Il sembla que la voix de Gaskine faiblissait.

— Que fait-il ? demanda Nadège.

Le vieillard garda le silence.

— Votre fils cultive-t-il la terre ? Est-il soldat ?

Gaskine s’essuya le front avec sa manche ; il était rouge.

— Pourquoi ne me répondez-vous pas, mon ami ? Ne craignez pas de me dire tout. N’ayez pas de honte avec moi.

— C’est que je ne veux pas mentir, surtout à vous, et que je ne puis vous dire la vérité.

— La vérité ! c’est la devise de mon journal, et celle de mon cœur.

— Ah ! je n’ai pas su faire de mon fils ce que j’aurais voulu en faire. Il sait lire, lui, écrire ! Il écrit trop. Vous le connaissez peut-être.

— Alors, vous n’avez pas de raison pour me taire son nom.

— Une autre fois, si vous le permettez. Quand je reviendrai. Aujourd’hui, je veux être tout à la joie de vous voir. Je vais raconter à mon fils comme vous êtes belle, aussi belle que bonne !
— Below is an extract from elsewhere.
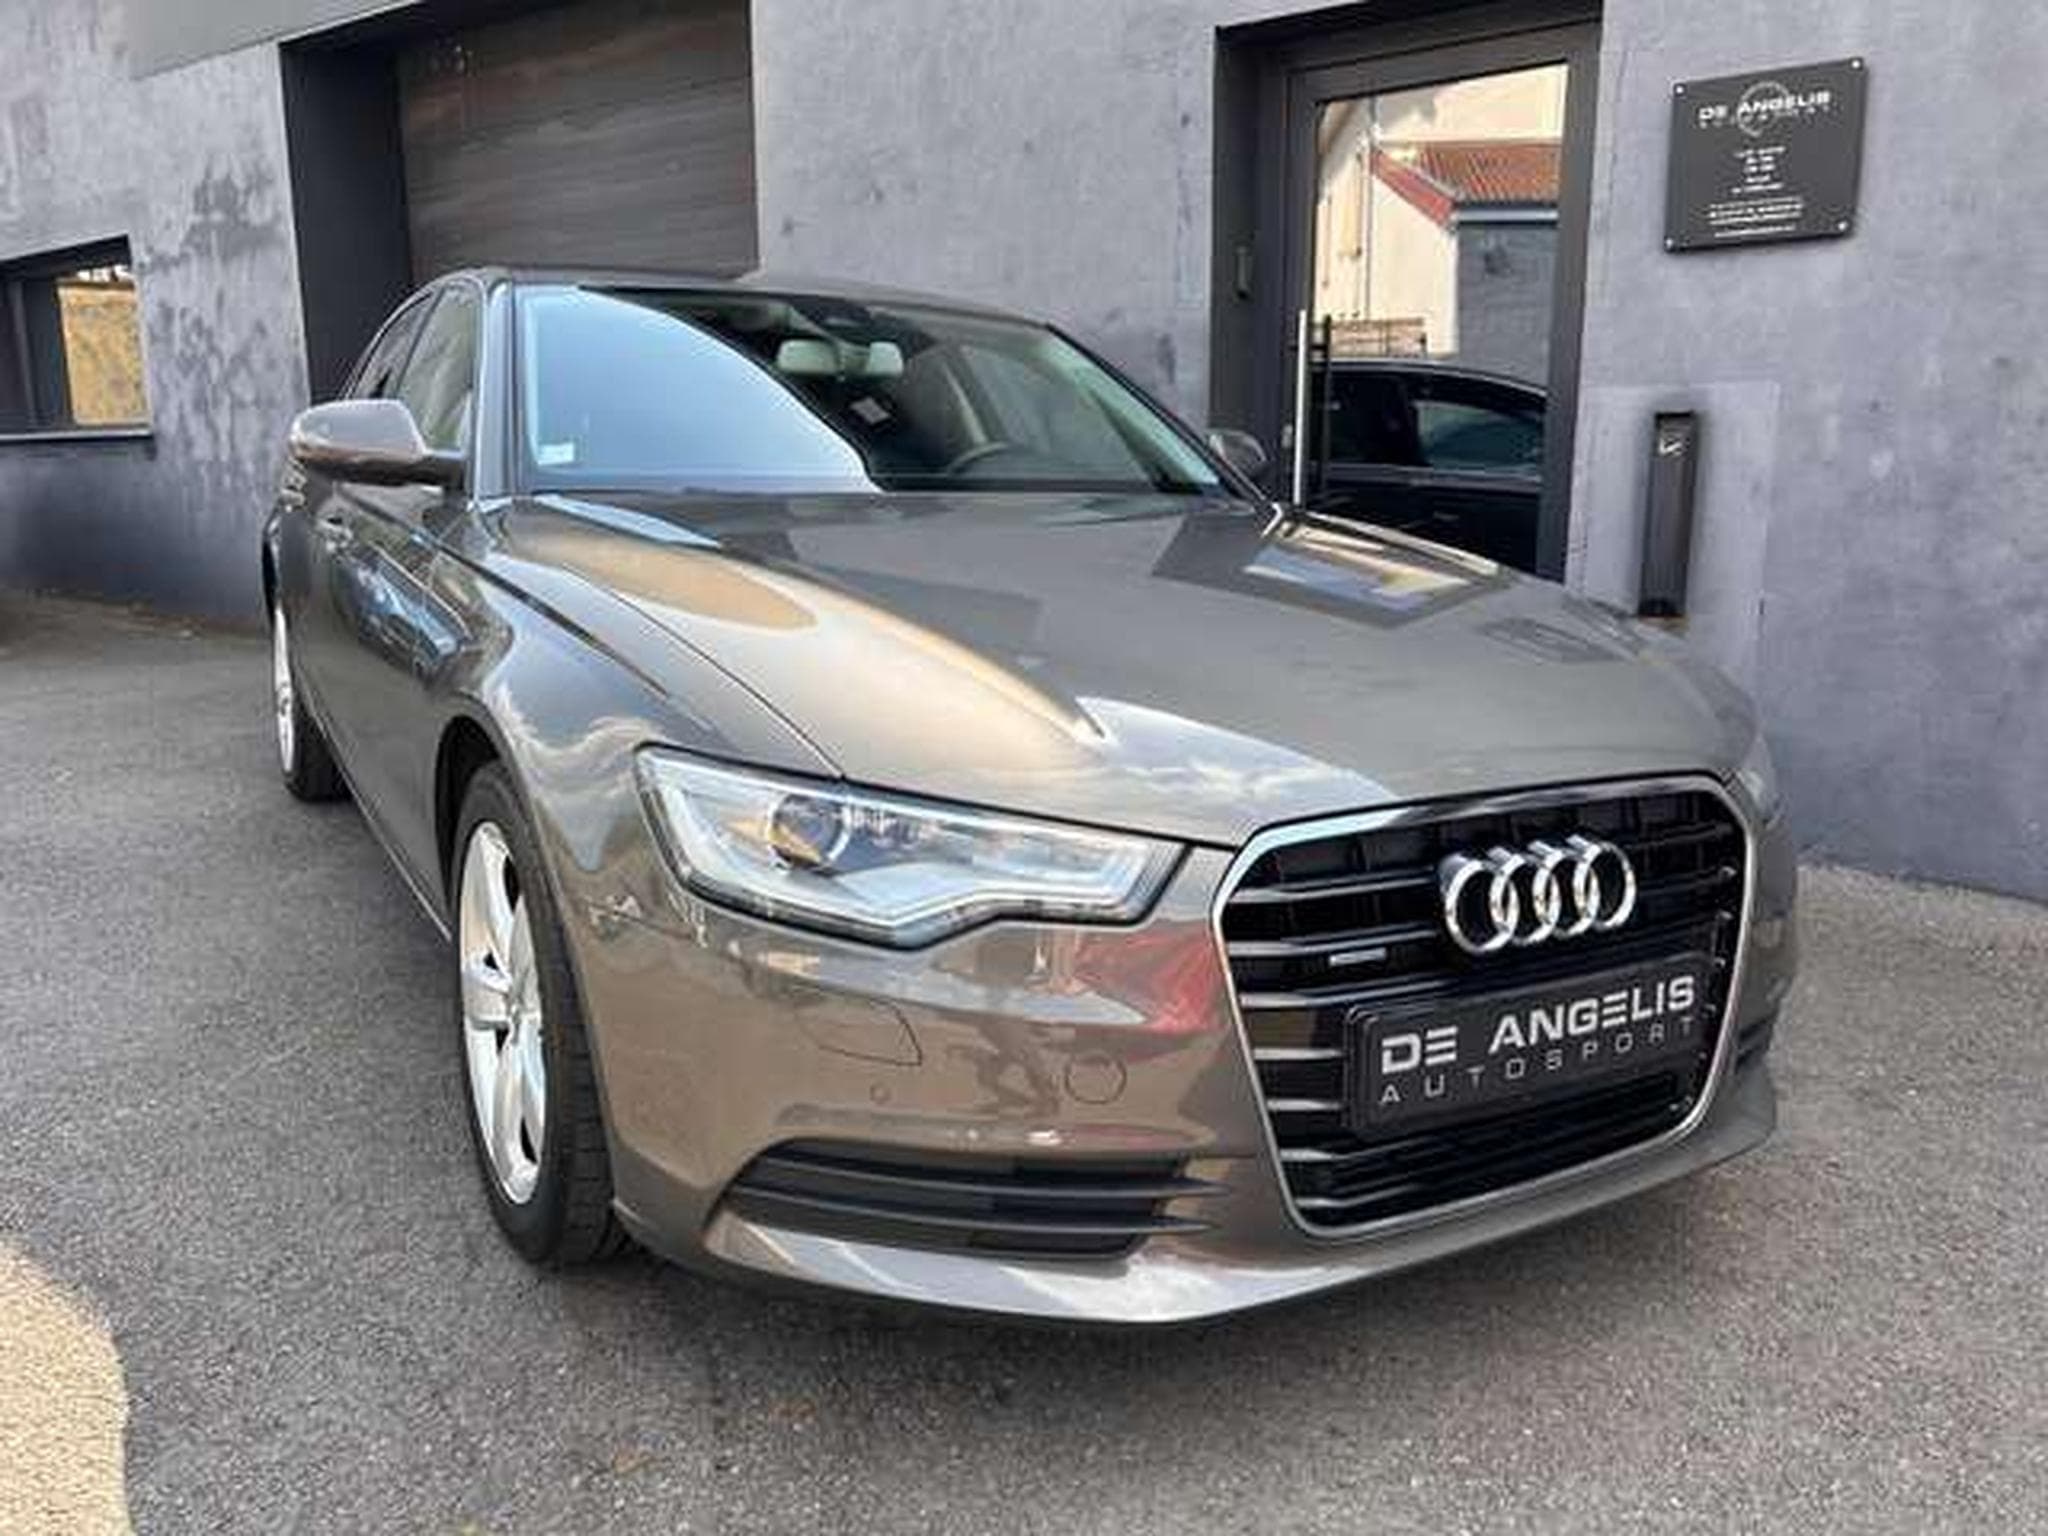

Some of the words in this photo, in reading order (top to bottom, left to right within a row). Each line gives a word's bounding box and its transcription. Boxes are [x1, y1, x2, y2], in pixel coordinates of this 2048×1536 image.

[1379, 1017, 1694, 1106] AUTOSPORT
[1382, 1025, 1458, 1074] DE
[1488, 975, 1695, 1054] ANGELIS
— À bientôt donc, monsieur Gaskine.

Le paysan s’agenouilla de nouveau, baisa le bas la robe de Nadège, et sortit.

Nadège avait reconduit le vieillard jusqu’à la porte.

Elle revint à son fauteuil, rêveuse.

— Voilà la vraie récompense ! se dit-elle ; ah ! c’est un bonheur de se dévouer pour ces cœurs naïfs.

Elle eut un soupir, et reprit en remuant la tête :

— Hélas ! cela ne fait pas oublier ! Le cœur peut guérir les autres cœurs ; mais ne se guérit jamais. La douleur le rend bon, mais ne l’apaise pas.

Elle reprit sa place dans son fauteuil et parut se laisser entraîner dans une songerie lointaine, qui l’emportait loin du journal, loin de sa maison, loin de sa solitude.

Elle resta près d’une demi-heure dans cette méditation, dont elle fut tirée par des coups discrets frappés à la porte de la chambre.

Sa servante petite-russienne lui annonça qu’une jeune dame voilée, arrivée dans une britschka arrêtée à la porte, demandait à lui parler.

Nadège se souvint de la lettre qu’elle avait reçue la veille et donna l’ordre de laisser monter.

Un instant après Petrowna — car c’était elle — était introduite auprès de madame Ossokhine.